Bifacial exemption set to remain under new U.S. Section 201 tariffs, reports say
The Biden administration is reportedly considering exempting bifacial panels from the expanded Section 201 tariffs on solar imports, according to unconfirmed reports.
Reuters yesterday (January 27) quoted two sources familiar with the matter as saying the White House was preparing to extend S201 tariffs for four years, in line with recommendations made late last year by the United States International Trade Commission. United, but exempt bifacial panels from these tariffs when extended.
According to the report, the White House is also considering doubling the duty-free quota on solar cell imports from 2.5 GW to 5 GW per year.
Reuters quoted “administration officials” as saying that “no decision has yet been made, but trade protections are likely.”
The Biden administration had appealed against the reinstatement of a Section 201 tariff exemption for bifacial modules after it was imposed in November last year by the US Court of International Trade (CIT).
Reports that he is now considering an exemption for bifacial modules for another four years suggest something of a U-turn by the Biden administration.
Speaking on a ROTH Capital webinar today Rhone Resch, CEO of Advanced Energy Advisors and former CEO of the Solar Energy Industries Association (SEIA), said the appeal was highly unlikely to be successful and the exemption was here to stay, adding that the tariff level of other solar systems produced should remain at 15%.
A spokesperson for the Solar Energy Industries Association (SEIA) said PV technology that he would not comment on the reports until an official statement from the White House, but that the tariffs had hurt the country’s solar industry.
“There are other more efficient ways to build a sustainable and robust solar manufacturing supply chain, such as passing the clean energy provisions in the Build Back Better Act. We hope the administration will take these steps to expand American manufacturing while paving the way for clean and affordable solar energy,” SEIA said.
Implemented by the Trump administration in 2018, Section 201 tariffs have been highly controversial. Tariffs on solar imports were introduced at a rate of 30%, decreasing by five percentage points each year for four years.

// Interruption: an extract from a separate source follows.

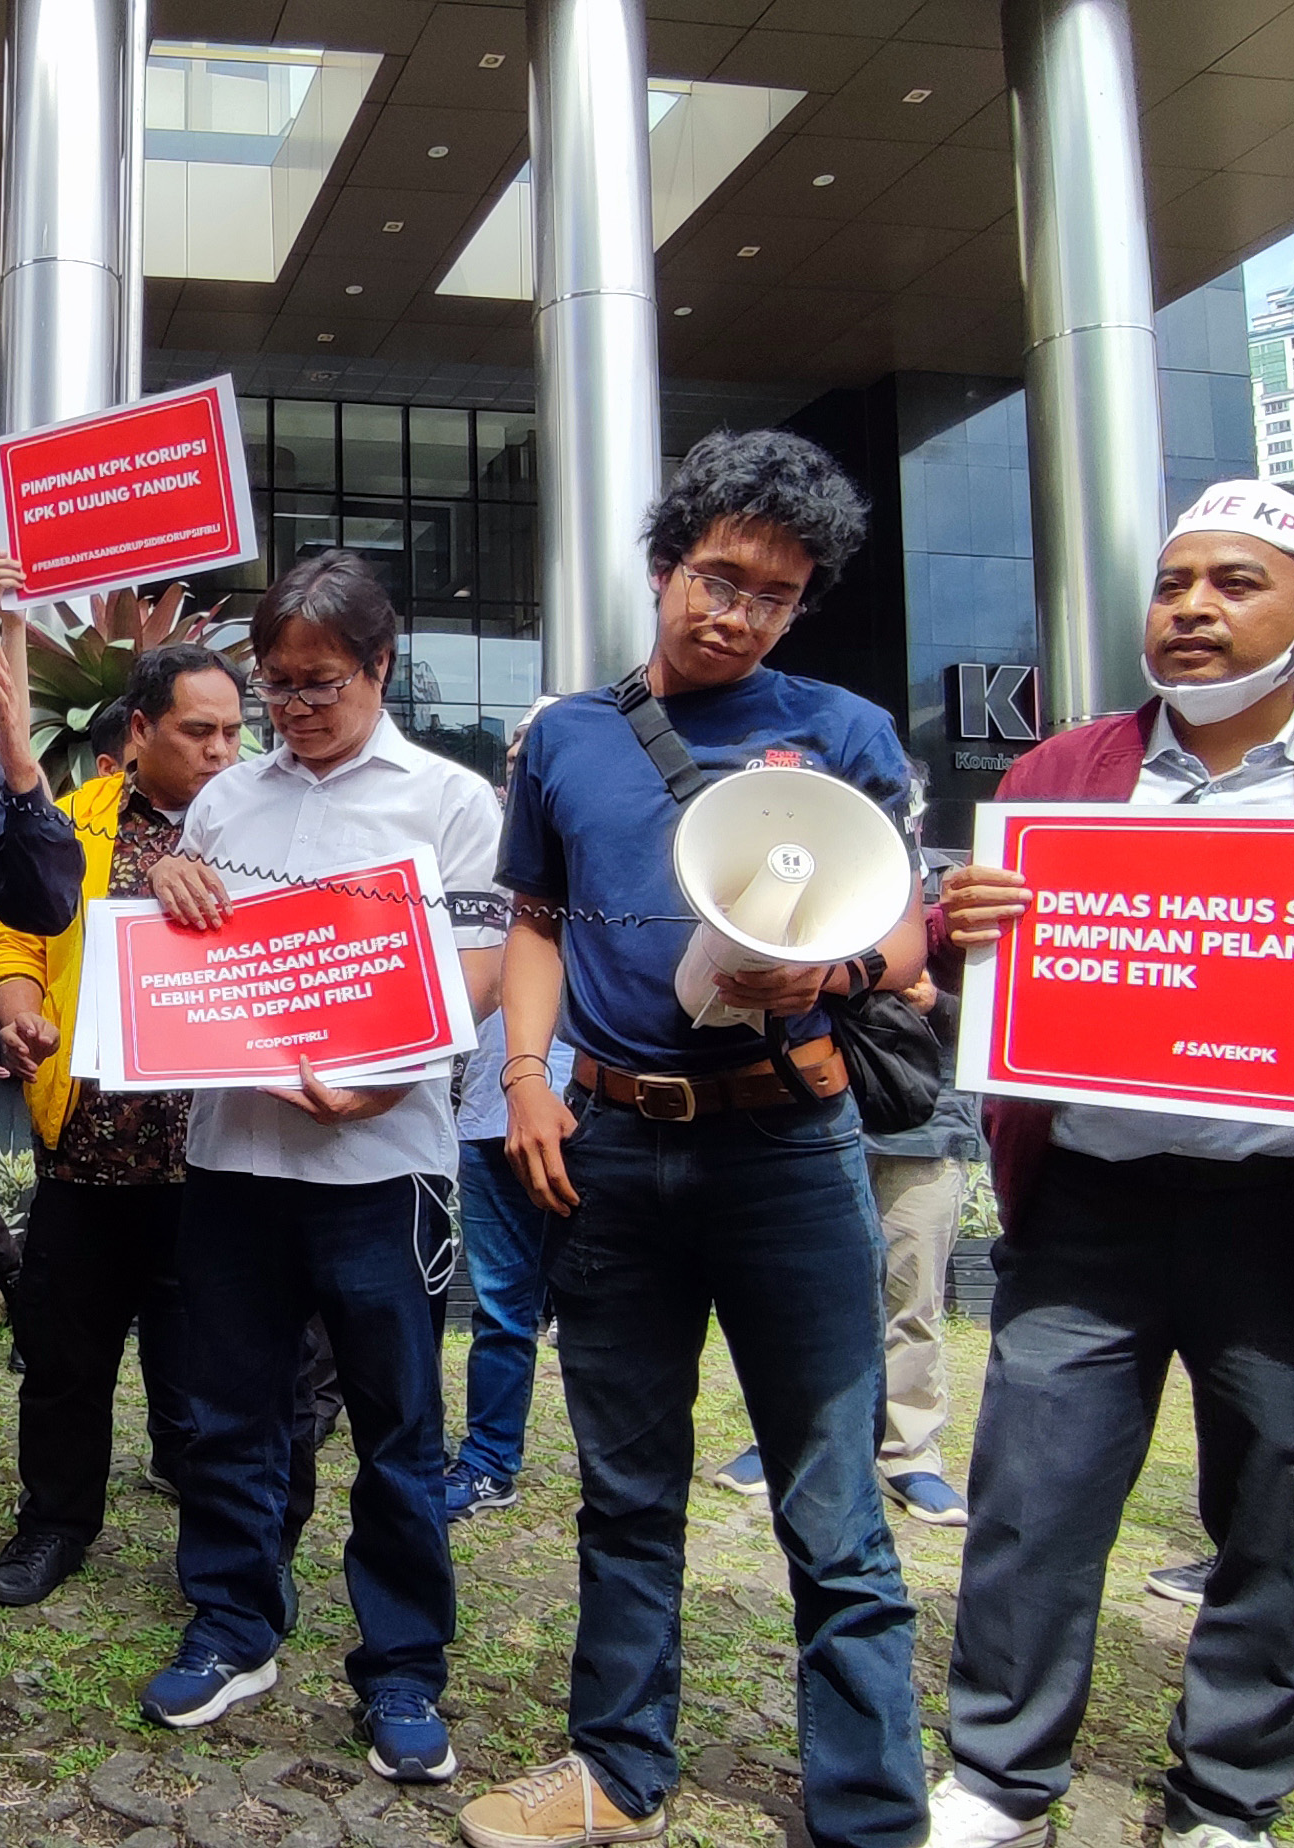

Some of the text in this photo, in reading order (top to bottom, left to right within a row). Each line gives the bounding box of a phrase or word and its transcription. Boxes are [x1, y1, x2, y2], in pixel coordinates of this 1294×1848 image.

They are due to expire on February 6.
Proponents of the tariffs say they are crucial in helping the United States establish a domestic PV manufacturing base, while opponents say they have more widely cost thousands of jobs in the country’s solar industry by due to higher costs for developers and installers, resulting in fewer projects being completed.
In September last year, the World Trade Organization rejected China’s challenge to the tariffs, ruling that the measures did not break global trade rules.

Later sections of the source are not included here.